- Exercise objective -
Word-for-word transcription needed. Include every entry below but no pictures.

(Image-backed grounding data)

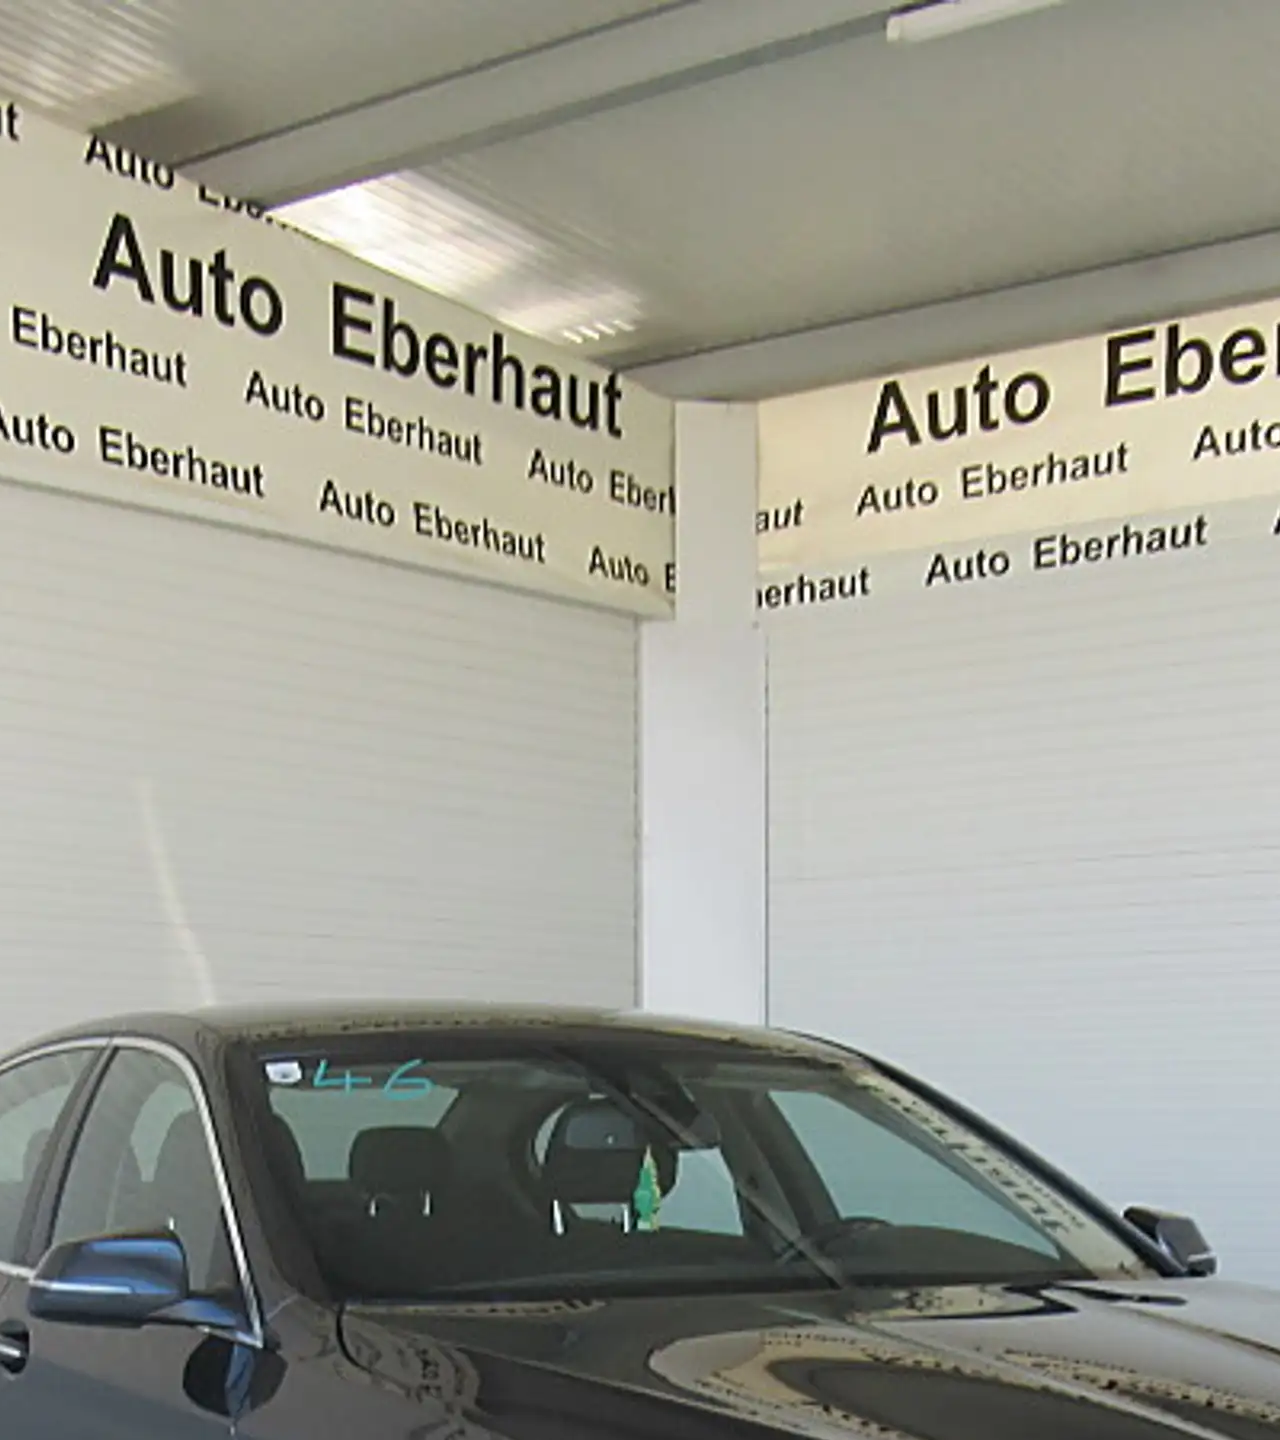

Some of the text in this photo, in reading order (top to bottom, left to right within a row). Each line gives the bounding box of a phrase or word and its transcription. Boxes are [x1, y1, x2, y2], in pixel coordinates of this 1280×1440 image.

[13, 307, 186, 386] Eberhaut
[90, 213, 625, 441] Auto Eberhaut
[247, 371, 481, 464] Auto Eberhaut
[867, 367, 1049, 453] Auto
[100, 427, 263, 497] Eberhaut
[529, 449, 592, 492] Auto
[858, 443, 1126, 516] Auto Eberhaut
[320, 480, 544, 563] Auto Eberhaut
[927, 516, 1205, 585] Auto Eberhaut
[589, 546, 649, 586] Auto
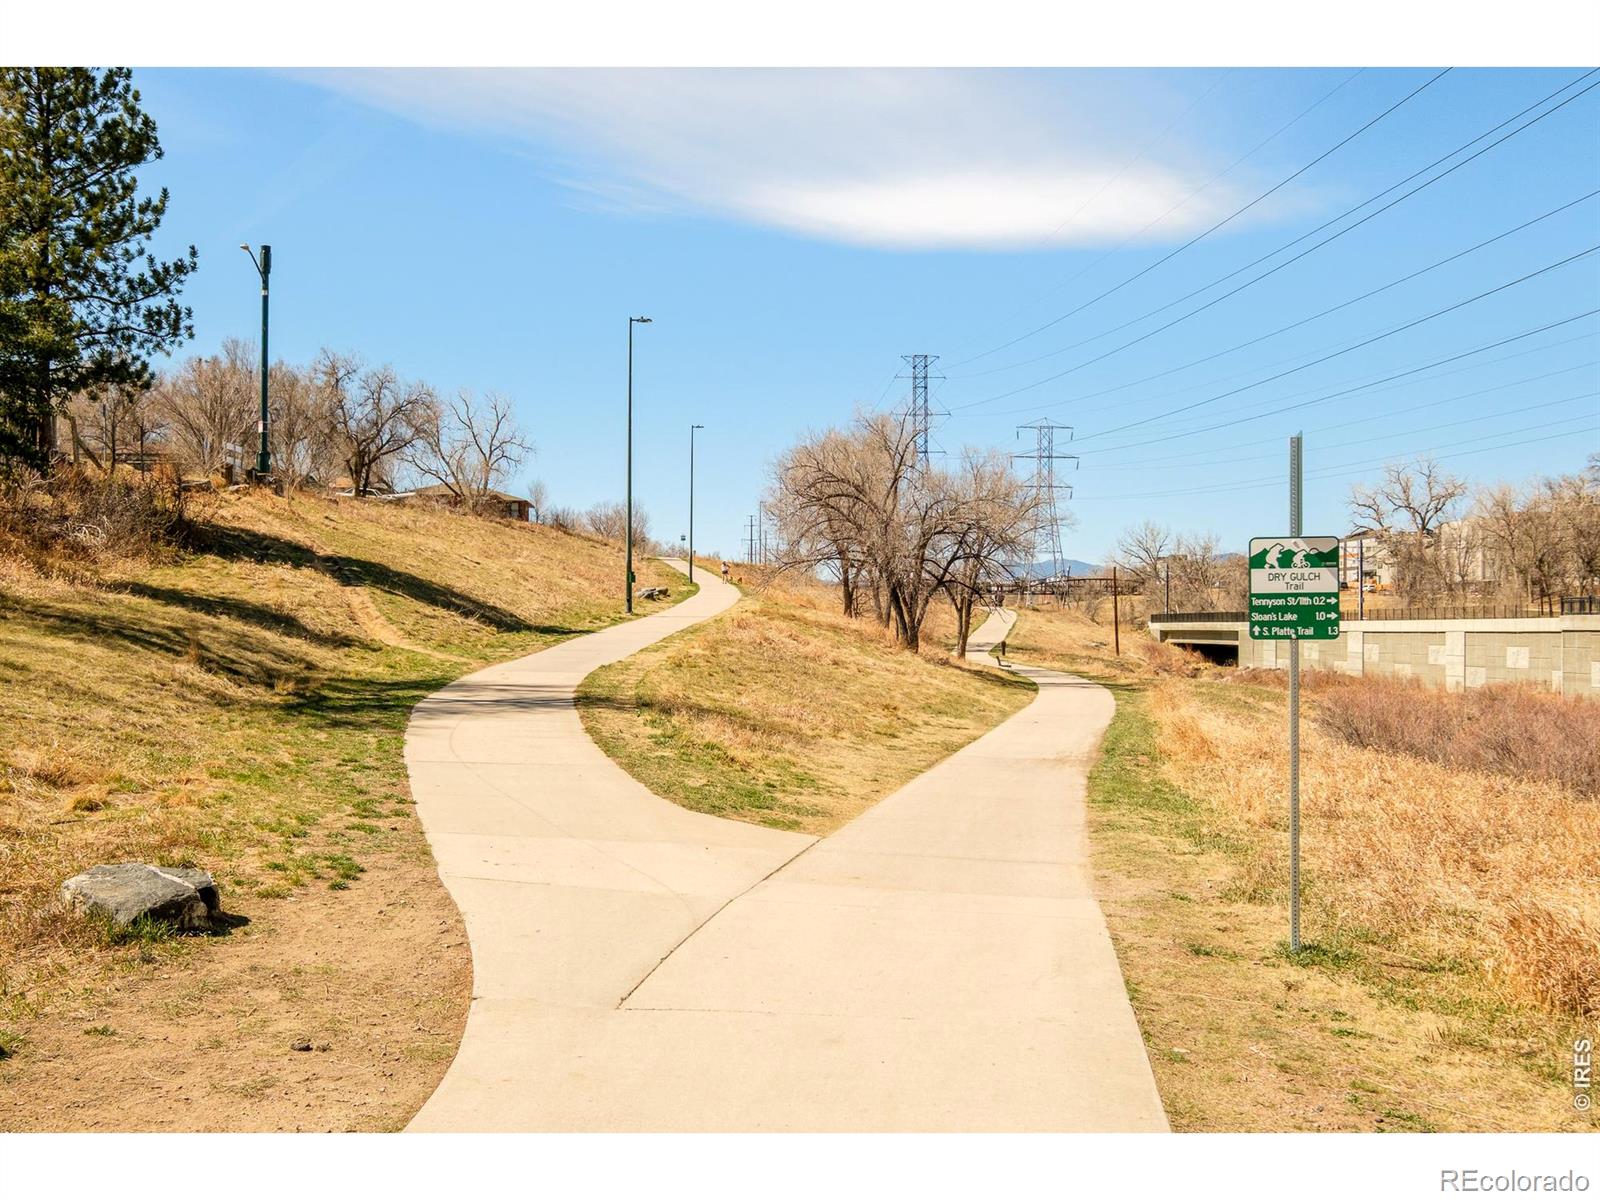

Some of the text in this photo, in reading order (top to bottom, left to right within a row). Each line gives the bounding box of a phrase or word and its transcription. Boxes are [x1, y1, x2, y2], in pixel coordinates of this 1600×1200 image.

[1268, 572, 1320, 581] DRY GULCH
[1285, 582, 1304, 591] Trail
[1251, 597, 1285, 608] Tennyson
[1251, 612, 1277, 621] Sloan's
[1279, 612, 1297, 621] Lake
[1262, 627, 1270, 636] S.
[1271, 626, 1295, 636] Platte
[1297, 626, 1314, 635] Trail

- Answer below -
Some of the text in this photo, in reading order (top to bottom, left to right within a row). Each line gives the bounding box of a phrase or word and its transcription. Boxes are [x1, y1, x2, y2], in pixel coordinates of this 1280×1440 image.

[13, 307, 186, 386] Eberhaut
[90, 213, 625, 441] Auto Eberhaut
[247, 371, 481, 464] Auto Eberhaut
[867, 367, 1049, 453] Auto
[100, 427, 263, 497] Eberhaut
[529, 449, 592, 492] Auto
[858, 443, 1126, 516] Auto Eberhaut
[320, 480, 544, 563] Auto Eberhaut
[927, 516, 1205, 585] Auto Eberhaut
[589, 546, 649, 586] Auto

Some of the text in this photo, in reading order (top to bottom, left to right within a row). Each line gives the bounding box of a phrase or word and its transcription. Boxes are [x1, y1, x2, y2], in pixel coordinates of this 1600×1200 image.

[1268, 572, 1320, 581] DRY GULCH
[1285, 582, 1304, 591] Trail
[1251, 597, 1285, 608] Tennyson
[1251, 612, 1277, 621] Sloan's
[1279, 612, 1297, 621] Lake
[1262, 627, 1270, 636] S.
[1271, 626, 1295, 636] Platte
[1297, 626, 1314, 635] Trail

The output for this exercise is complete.